Despite the severe pain, the important events of the day went well.
Best news was that neither the surgeon or radiologist felt more tests were needed. The surgeon pointed out that all a bone scan would show in a 63 year old male would be plenty of hot spots that might need to be investigated and they would all turn out to be arthritis or healed broken bones or whatever. The risk/reward isn't there as the probability of cancer being so advanced to show up is real but very small. (I know some of you disagree strongly with this).

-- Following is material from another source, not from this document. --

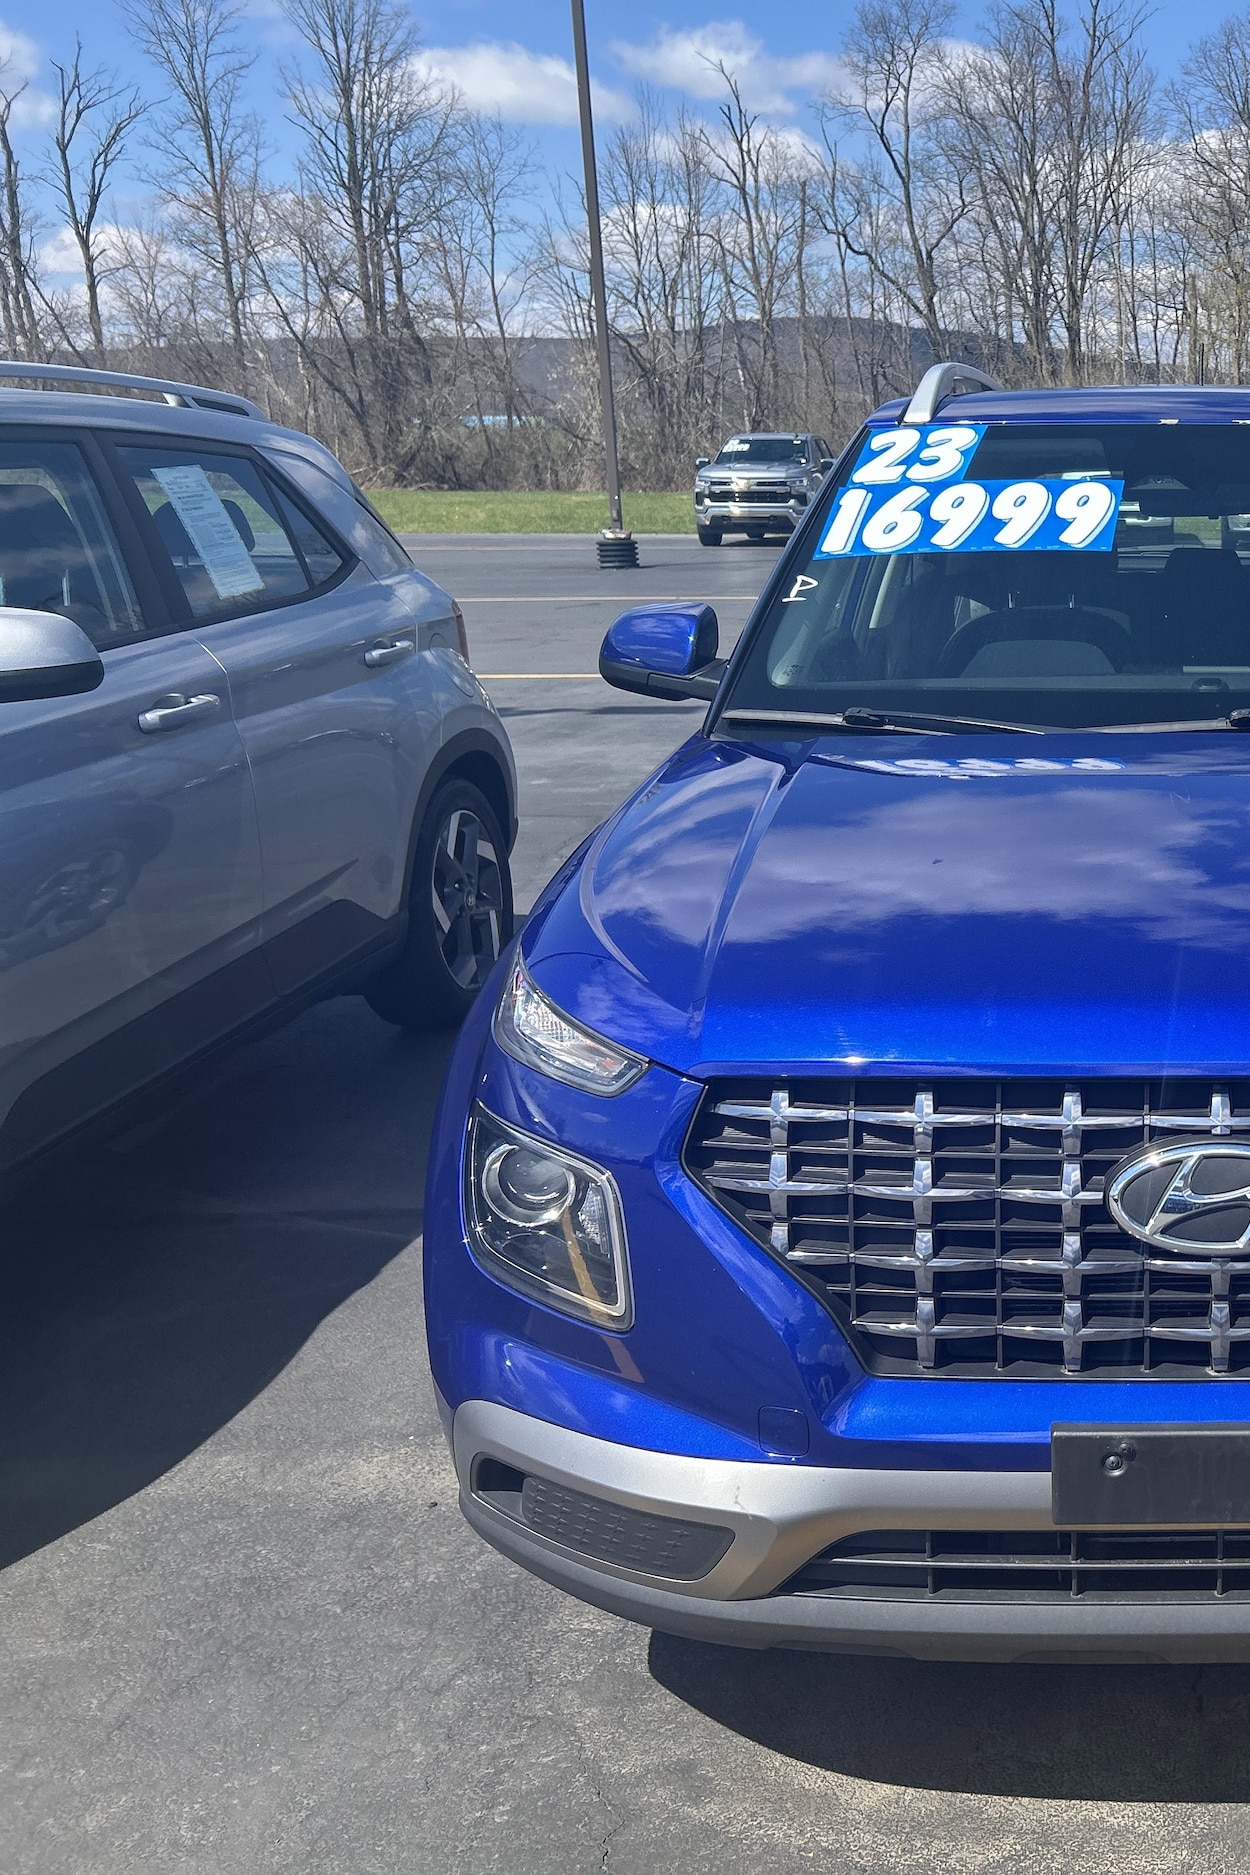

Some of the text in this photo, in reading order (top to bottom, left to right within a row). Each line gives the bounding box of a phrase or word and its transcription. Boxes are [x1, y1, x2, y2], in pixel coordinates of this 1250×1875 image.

[851, 426, 979, 485] 23
[820, 481, 1116, 554] 16999
[781, 574, 819, 602] P

Actually, I had said that earlier but figured they would want to do the tests as part of defensive medicine. I am in such bad back pain that I am VERY grateful for that reason alone not to do it. In fact, I really learned nothing new, but my own ideas were reinforced. With surgery, if PC occurs again, radiation (salvage) is often possible and curative. Radiation can cause bowel problems and rectal bleeding and other stuff. For someone like me who has had bowel problems and lots of hemmies, it can cause problems. Also, radiation side effects can kick in a year later too.

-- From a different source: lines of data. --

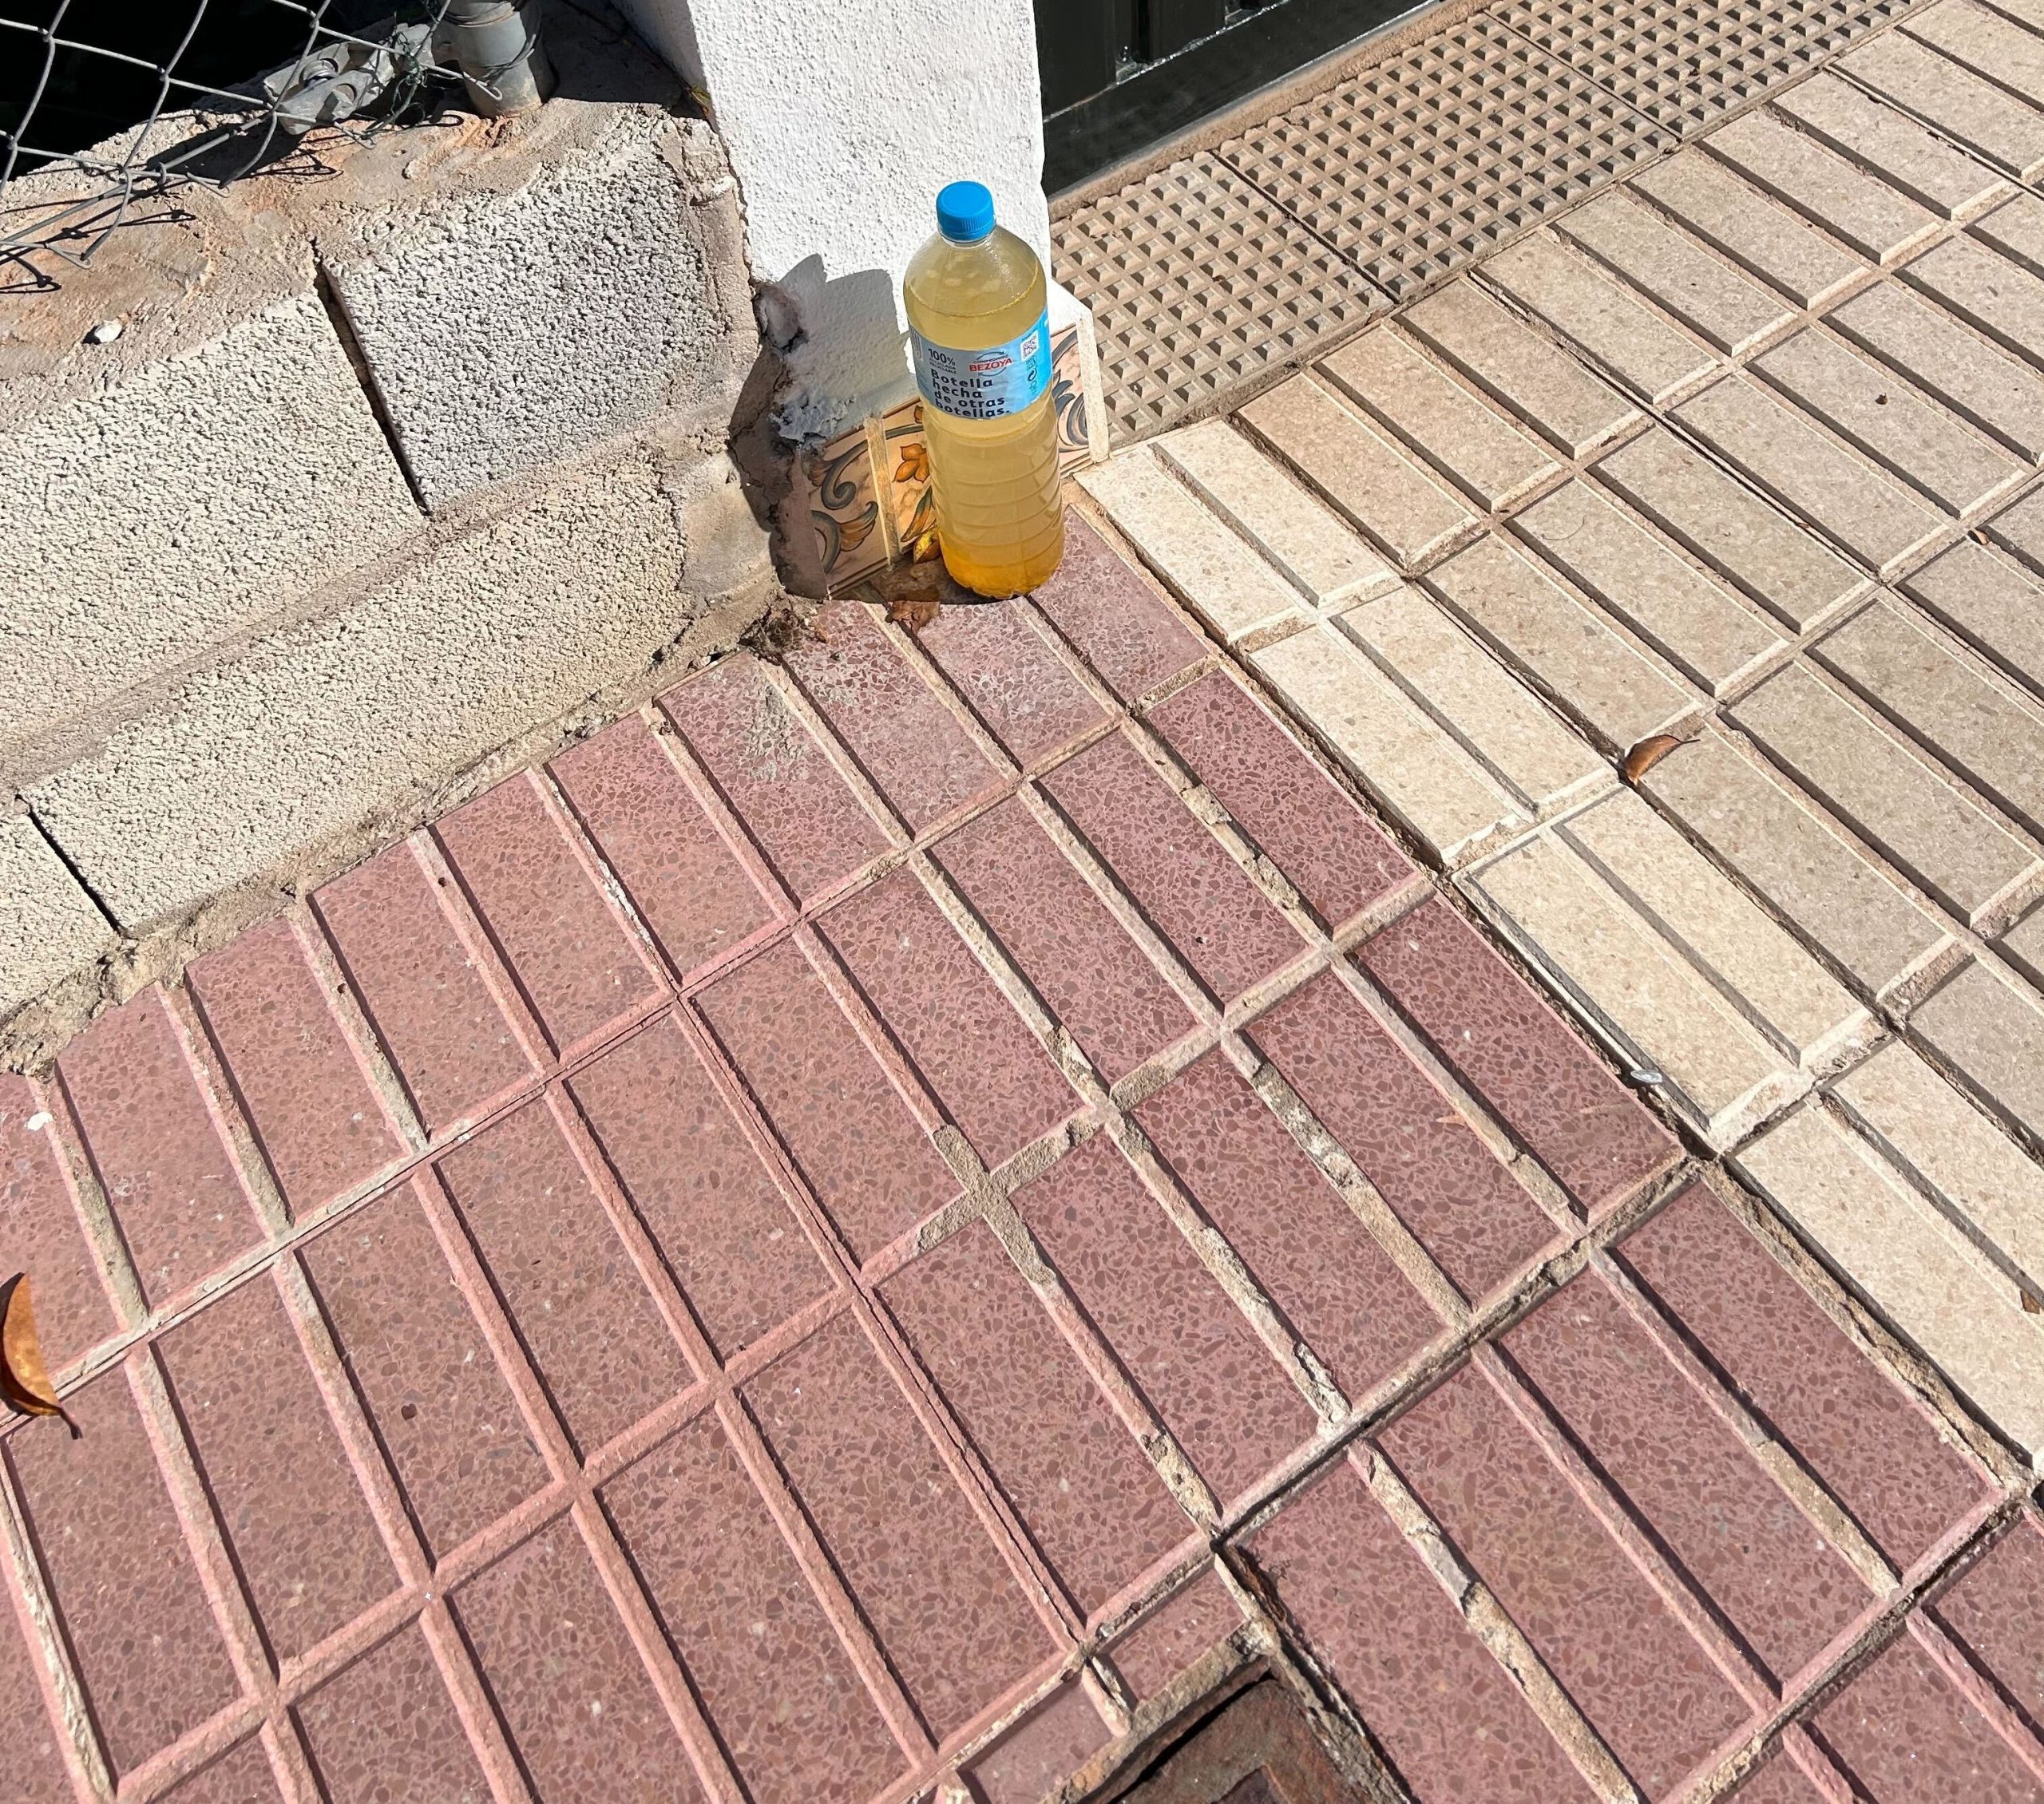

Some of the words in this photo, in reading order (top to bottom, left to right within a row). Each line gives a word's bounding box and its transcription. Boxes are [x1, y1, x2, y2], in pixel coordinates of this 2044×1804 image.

[928, 348, 956, 366] 100%
[969, 358, 1012, 372] BEZOYA
[931, 368, 993, 388] Botella
[933, 378, 982, 398] hecha
[934, 390, 952, 404] de
[958, 397, 1005, 408] otras
[935, 398, 1009, 417] botellas.

My choice will be surgery. Tomorrow, after I try to somehow teach through this back pain, we will head for Detroit and I see Dr. Menon on Wednesday. He is my first choice at this juncture. The Umich surgeon, top-notch, was interesting. He is a man of few words but straight to the point, with honest answers. Ditto with the radiation guy. Oh, we ended up not seeing the urological oncologist. She indicated that if we had all our questions answered and were satisfied from the first two experts, we didn't need a third appointment. Also, I got the impression that she is the go-to person if surgery and then radiation fails (HT, etc.).

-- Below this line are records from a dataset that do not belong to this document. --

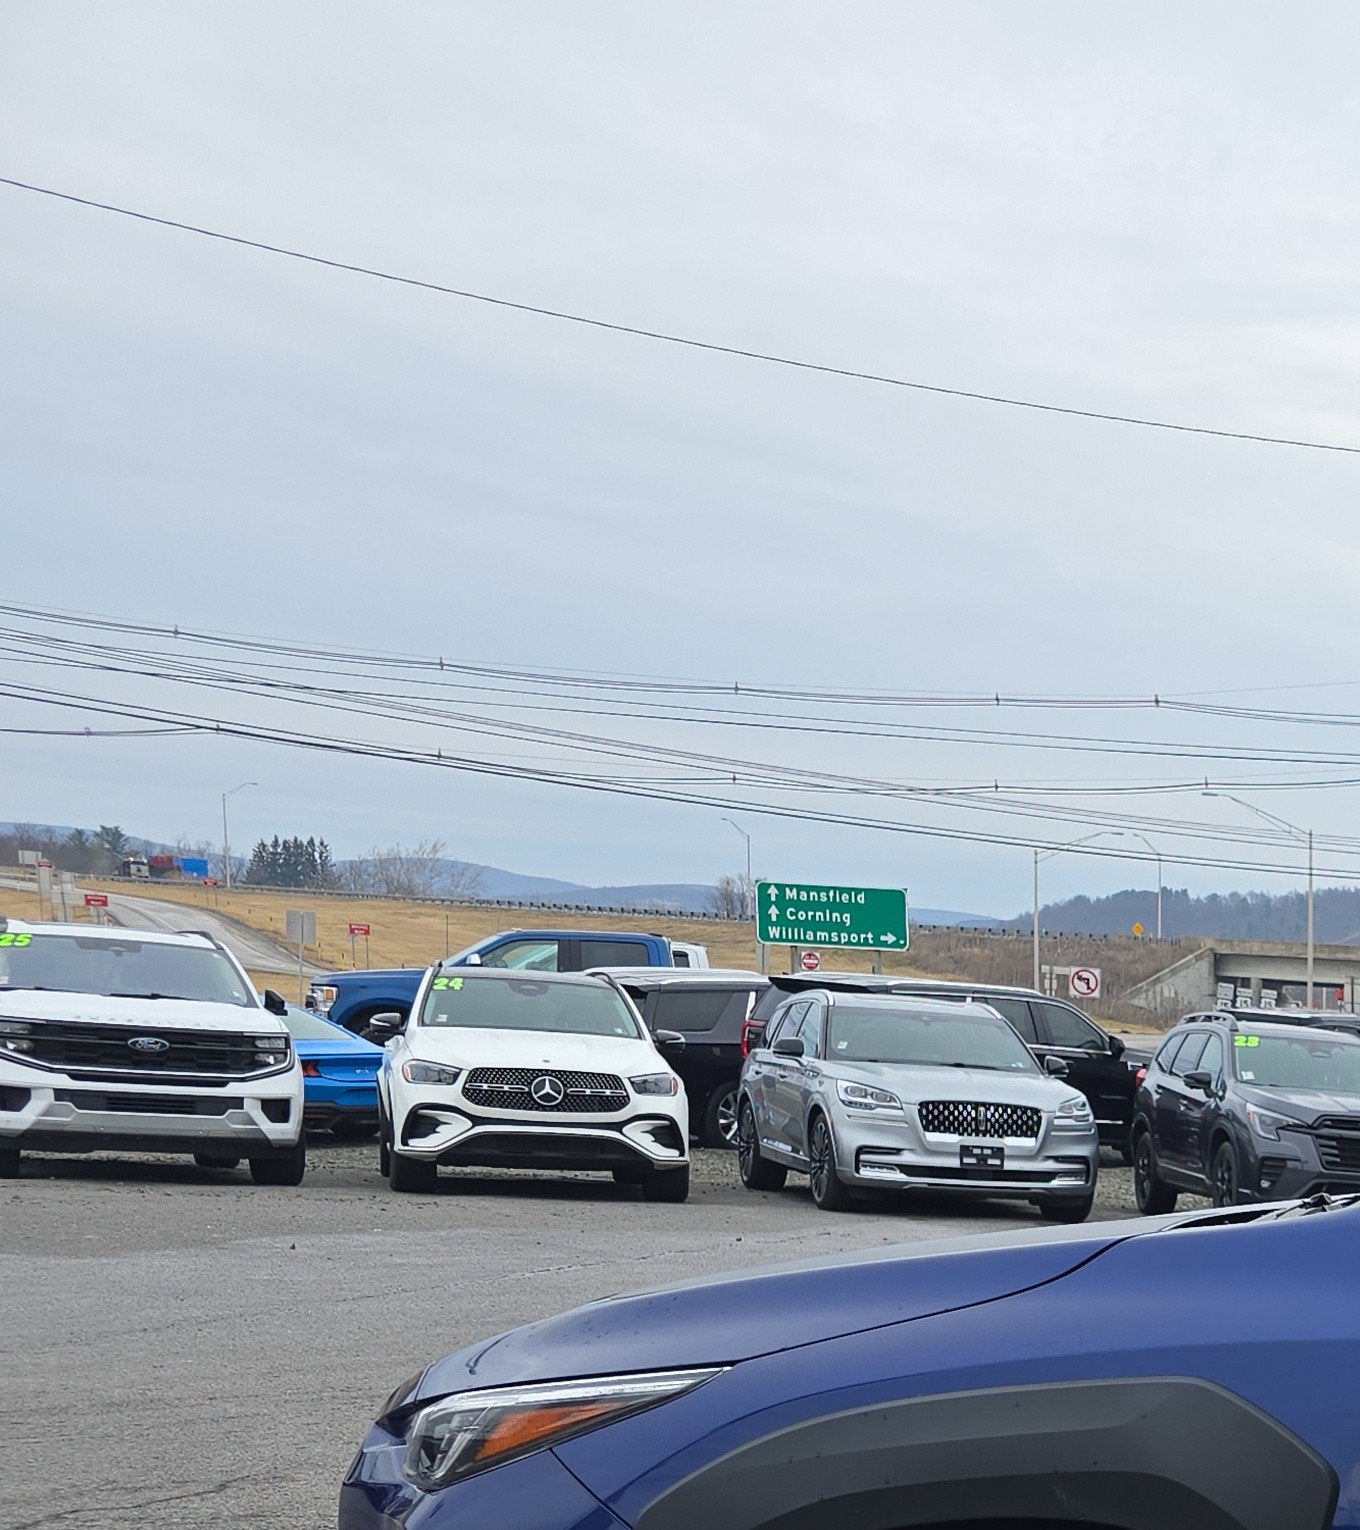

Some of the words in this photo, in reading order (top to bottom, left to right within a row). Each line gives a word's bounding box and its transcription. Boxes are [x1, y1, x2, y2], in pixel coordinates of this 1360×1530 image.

[785, 887, 865, 904] Mansfield
[786, 907, 851, 927] Corning
[0, 933, 33, 947] 25
[768, 926, 874, 945] Williamsport
[433, 977, 463, 990] 24

I didn't really learn anything new. I was well-versed in this darn disease. Oh, the surgeon did say that he does robotic and non-robotic surgeries. The tumor I have on the apex is better to handle via robotic surgery. The other stuff: 5 out of 12 cores is a concern as is the Gleeson 4+3. The 5% volume is a positive. The low PSAs are positive. The high PCA-3 is a concern but they are still finding out about the PCA-3 test, so it is more of an indicator as to whether or not to biopsy. These days, all Gleason scores are at least 6, so a positive spin is that there is also an 8, 9, 10, which I don't have. It's a mixed bag and we won't know more until after the surgery.